Ms. A, an 18-year-old unmarried woman, was admitted to our ward with psychosis and obsessive-compulsive symptoms. She had ego-dystonic mental obsessions (she reported having "ugly thoughts" about others) and an ego-syntonic delusion that others could read these thoughts. She reported an extensive family history. Her mother had a meningioma, and her brother and uncle suffered from cavernous hemangioma (cavernoma). Her brother also suffered from epilepsy. There was no family history of schizophrenia or obsessive-compulsive disorder. During high school, she was socially withdrawn and preferred to stay at home. One year before her admission, she developed paranoid delusions about her classmates but was not treated.

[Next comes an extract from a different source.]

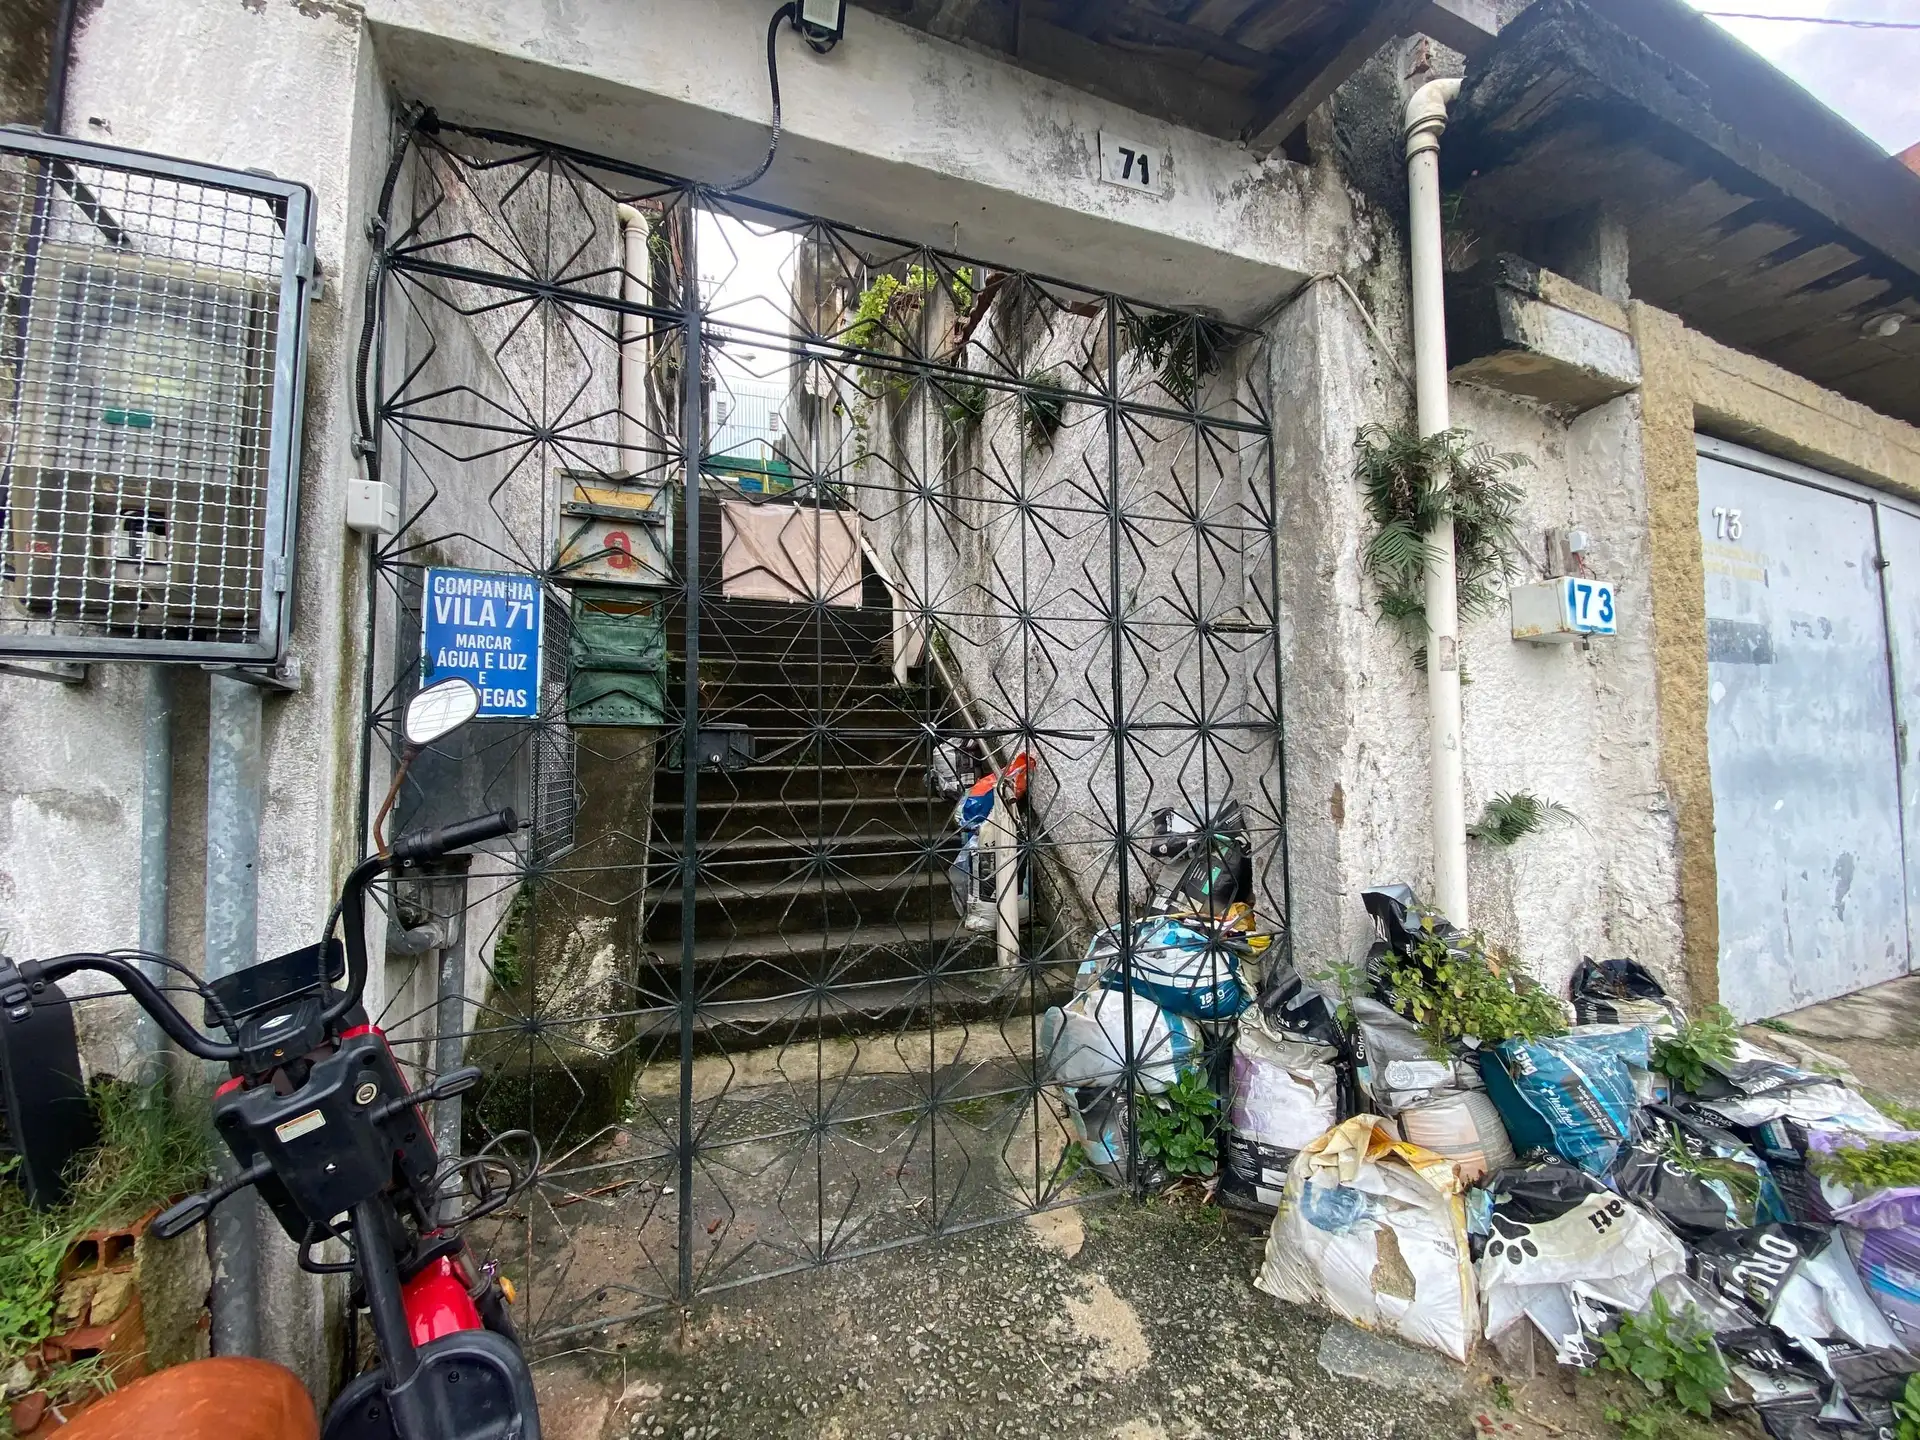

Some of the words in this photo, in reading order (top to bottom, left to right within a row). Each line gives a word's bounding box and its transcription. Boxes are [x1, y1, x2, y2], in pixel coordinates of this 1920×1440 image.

On admission, results of Ms. A’s neurological and dilated ophthalmoscopic examinations were normal. A computerized tomography scan showed two suspected enhancements. Subsequent MRI demonstrated multiple cerebral cavernomas bilaterally, with typical "rings" visible on T2 imaging. Cavernomas were most abundant in the temporal and frontal regions. Her EEG was normal. An exacerbation of her paranoid thoughts during the first hospital week did not respond to 5 weeks of risperidone treatment (maximum dose=6 mg/day). At that time, she was switched to olanzapine, 20 mg/day, with a remission of her psychosis within 3 weeks. The addition of sertraline, 50 mg/day, relieved her obsessive-compulsive symptoms after an additional 4 weeks.
Familial cavernoma is an autosomal dominant disorder with incomplete penetrance (3). The 7q locus might harbor the causative gene (4). Common clinical signs of multiple cavernoma include neurological deficits, seizures, and hemorrhage (2), although these were not present in this patient. It is possible that this patient’s schizophrenia was causally linked to the developmental effects of her hereditary diffuse brain vessel malformation. Alternatively, this could represent an incidental and extremely rare comorbidity. (We found no such cases in the literature.)